What that means is anyone looking for a quick way to illustrate a point through data — a reporter, an academic, an analyst — can go to atlas.qz.com and search for what they need. So rather than take a screenshot from a report on media consumption, I can pull up something like this from Atlas.
The company is also hoping to monetize Atlas by offering something they’re calling “sponsored charts,” a spinoff from Quartz success with other native advertising. Publisher Jay Lauf said sponsored charts could offer a way to reach readers across social channels beyond qz.com.
“If we can steer marketers towards providing real value to the users, they’re going to get better engagement and better amplification,” he said. “They’re gonna get all the things they want and get more positive impact.”

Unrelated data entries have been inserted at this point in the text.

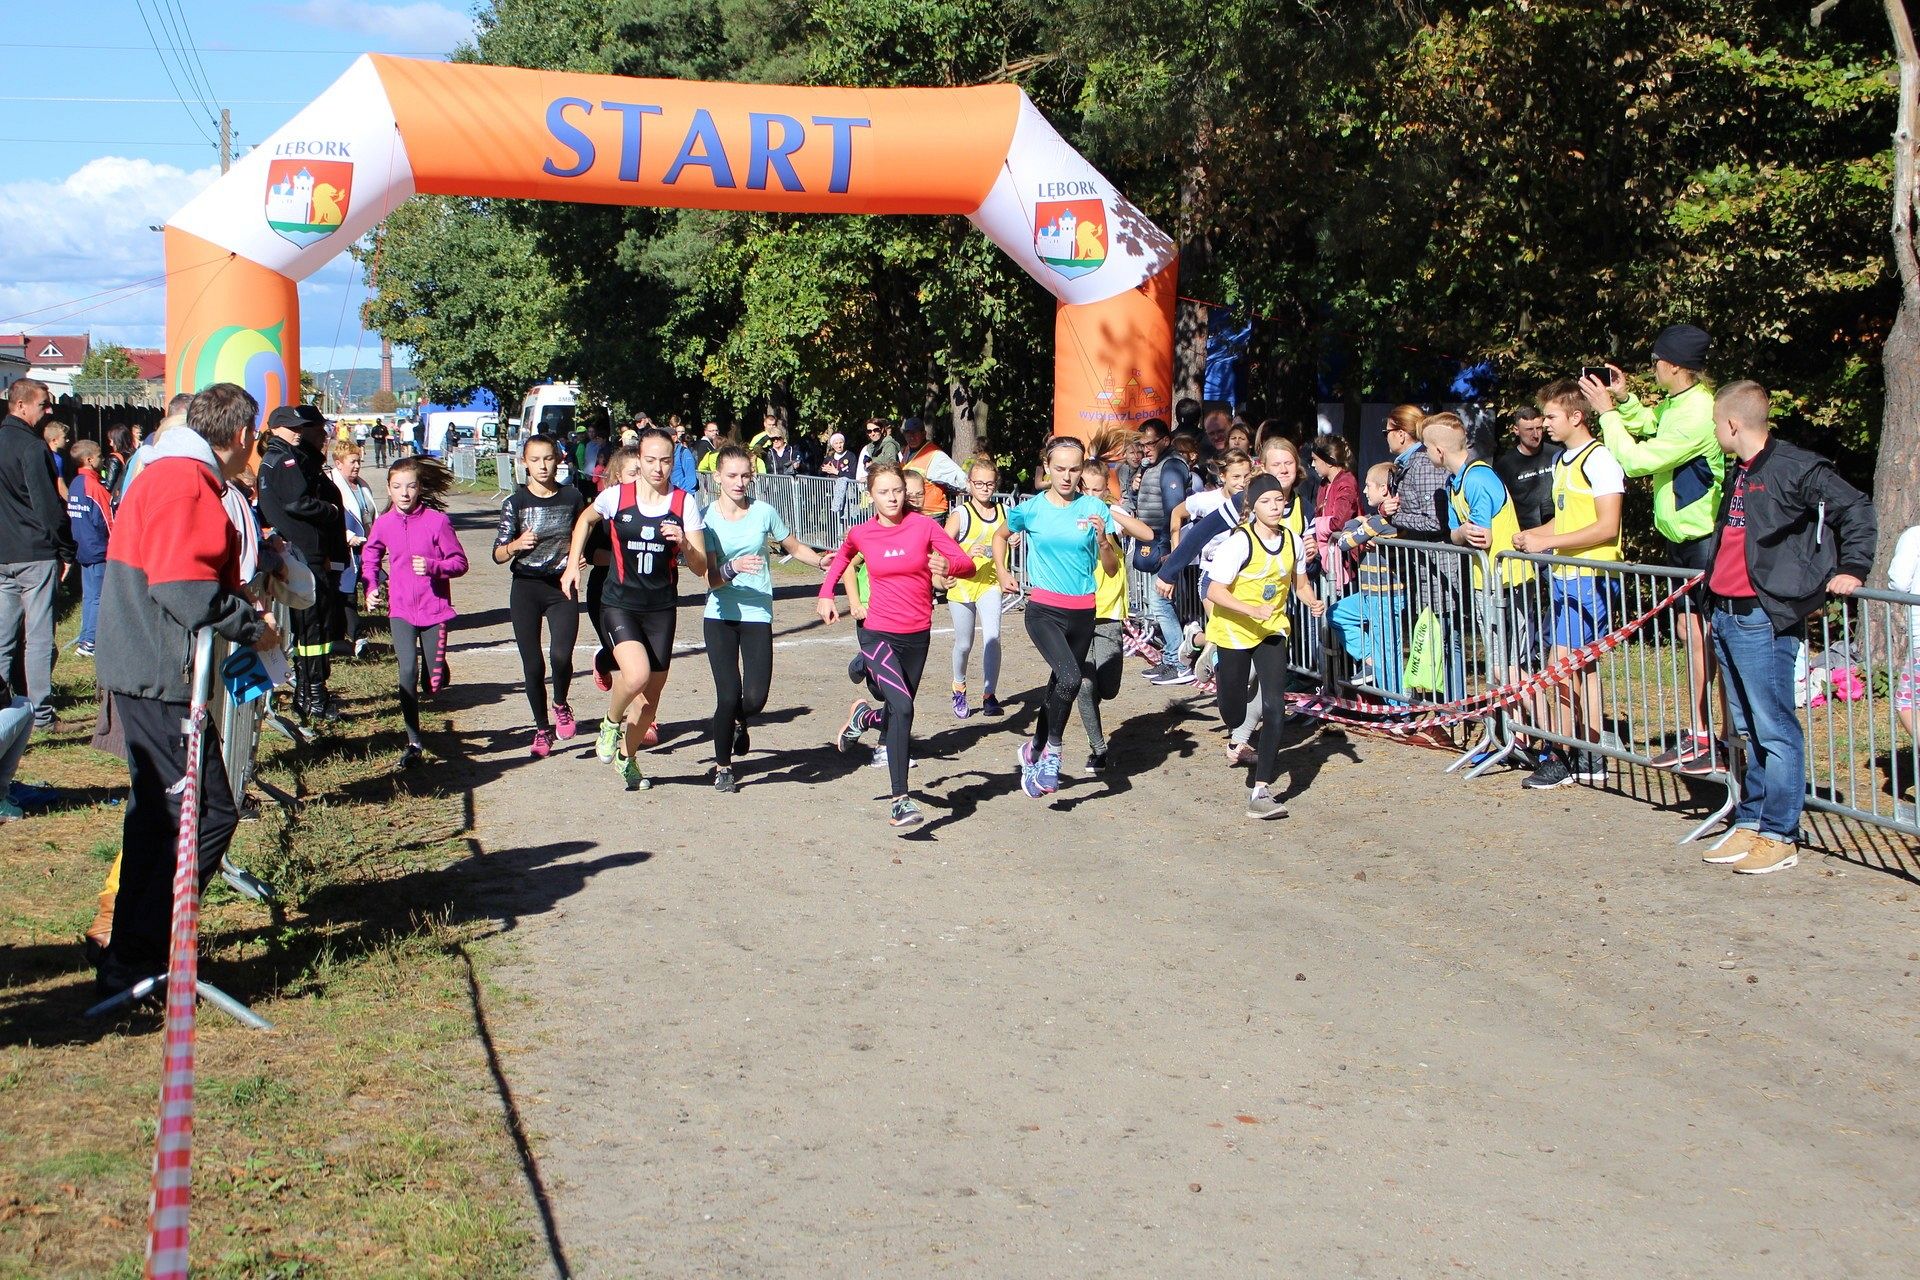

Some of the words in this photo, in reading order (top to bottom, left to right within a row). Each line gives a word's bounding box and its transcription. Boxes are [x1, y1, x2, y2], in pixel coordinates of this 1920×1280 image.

[276, 140, 352, 157] LĘBORK
[542, 96, 872, 194] START
[1038, 181, 1098, 200] LĘBORK
[636, 552, 653, 574] 10
[1414, 623, 1428, 655] RACING
[1411, 654, 1420, 677] NIKE

This is the second data visualization franchise Quartz has built, following the development of the open source Chartbuilder tool.As a unit for news, charts might fall at on the left end of the “Quartz Curve” for predicting the success of online content: quickly scannable and information-dense. In the short time since Quartz’ arrival, the site has quickly made charts a staple of its reporting. This is a site that proudly declares a winner for Quartz Chart of the Year. It’s a quick method of delivery for illustrating something like the difference in market value between Walmart and Facebook or the rate of gun deaths in the U.S. (One could draw some comparisons between Atlas and The Washington Post’s slightly broader Know More, both of which aim to use a visuals-heavy approach to draw attention to stories.)

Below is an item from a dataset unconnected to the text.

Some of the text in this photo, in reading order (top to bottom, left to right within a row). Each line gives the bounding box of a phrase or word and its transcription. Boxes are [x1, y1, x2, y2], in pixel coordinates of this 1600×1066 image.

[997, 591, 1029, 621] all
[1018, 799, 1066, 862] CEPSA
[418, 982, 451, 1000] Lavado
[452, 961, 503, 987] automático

“It was pretty clear people often consider the charts to be their own pieces of content,” said Zach Seward, Quartz executive editor and vice president of product (and a former Nieman Lab staffer). Seward estimates that almost half of all stories produced by Quartz have charts, which is why they’ve invested in building tools to make it easier for anyone to make visualizations, regardless of their experience.

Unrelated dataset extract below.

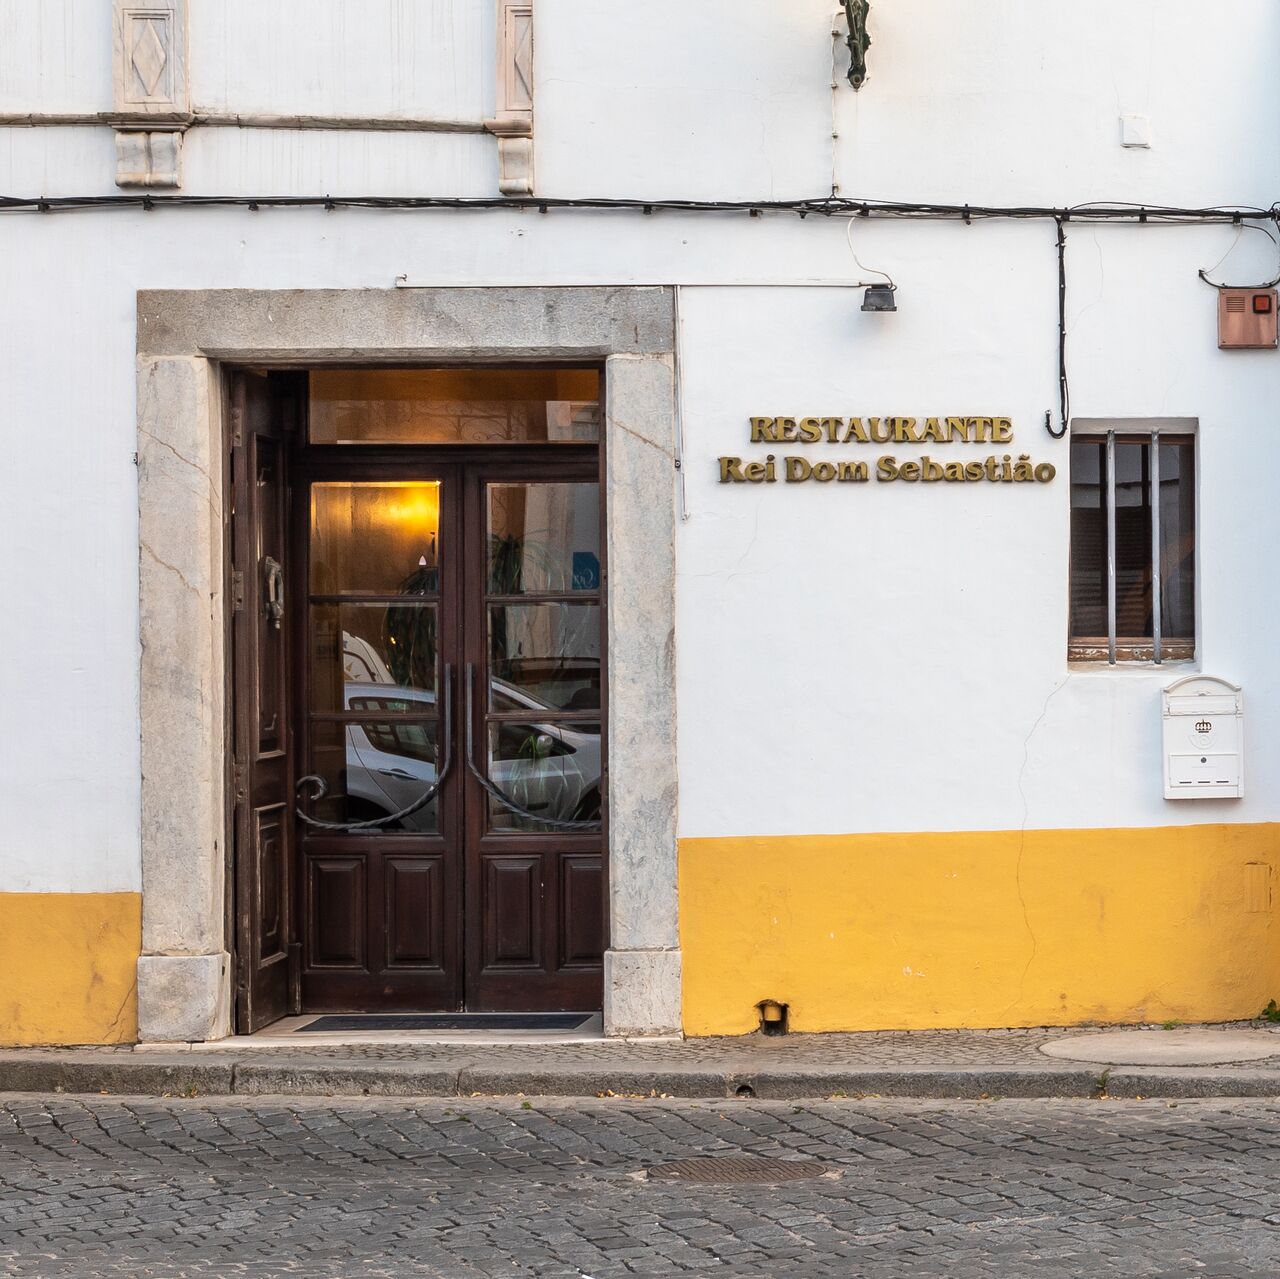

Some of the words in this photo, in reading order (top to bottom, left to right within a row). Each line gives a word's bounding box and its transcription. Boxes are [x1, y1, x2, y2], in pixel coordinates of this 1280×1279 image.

[749, 416, 1014, 444] RESTAURANTE
[718, 454, 777, 483] Rei
[784, 456, 869, 483] Dom
[875, 453, 1057, 483] Sebastião

Each chart on Atlas gets its own page, with social tools, context, and tags, making it easier to share or dig deeper into topics. “It’s silly to throw away all the data away, or lock it away, or keep it from our readers. We have the data, so we might as well let people download it and use it as they wish,” Seward said.
Chartbuilder is already popular with media companies, with places like NPR, The Wall Street Journal, FiveThirtyEight, and The New Yorker taking advantage of the open source app. Eventually they would like to make Atlas available to other users as well, providing a home for other companies to upload and share their charts. “The broader aspiration for Atlas is to open it up entirely, to make it an open platform for chart creation,” he said.
As for the name? In a parallel universe, it’s possible the global business site from Atlantic Media would have been called Atlas. Seward said the name was one of the final contenders they considered before landing on Quartz. But the name also allows them to brand Atlas as its own product that can fly solo instead of being known as “Quartz Chartz.”
Lauf said once Atlas becomes its own platform, they expect outside users will help improve it, as has happened with the code for Chartbuilder. “The more people that use it and embed it and contribute to it, eventually over time, the better that is for the growth of the platform,” he said.
Atlas fits neatly into Quartz larger push into the uncharted world of distributed content. They’ve recently started experimenting with Facebook video and launched Actuality, a new podcast collaboration with Marketplace. They also brought an iPhone app to market, Flags, an emoji keyboard specifically for, well, you can probably guess. In the past few months, Quartz has expanded globally as well. In May, Quartz Africa debuted, its second international destination after Quartz India.Delaney said their focus is not just on the news, but on developing new technology around journalism. That’s stemmed from looking at their own needs in the newsroom and seeing how that could serve wider audiences. “We built Quartz to be a new kind of news organization,” Delaney said. “And part of that is delivering on a rapid cycle of experimentation and new products.”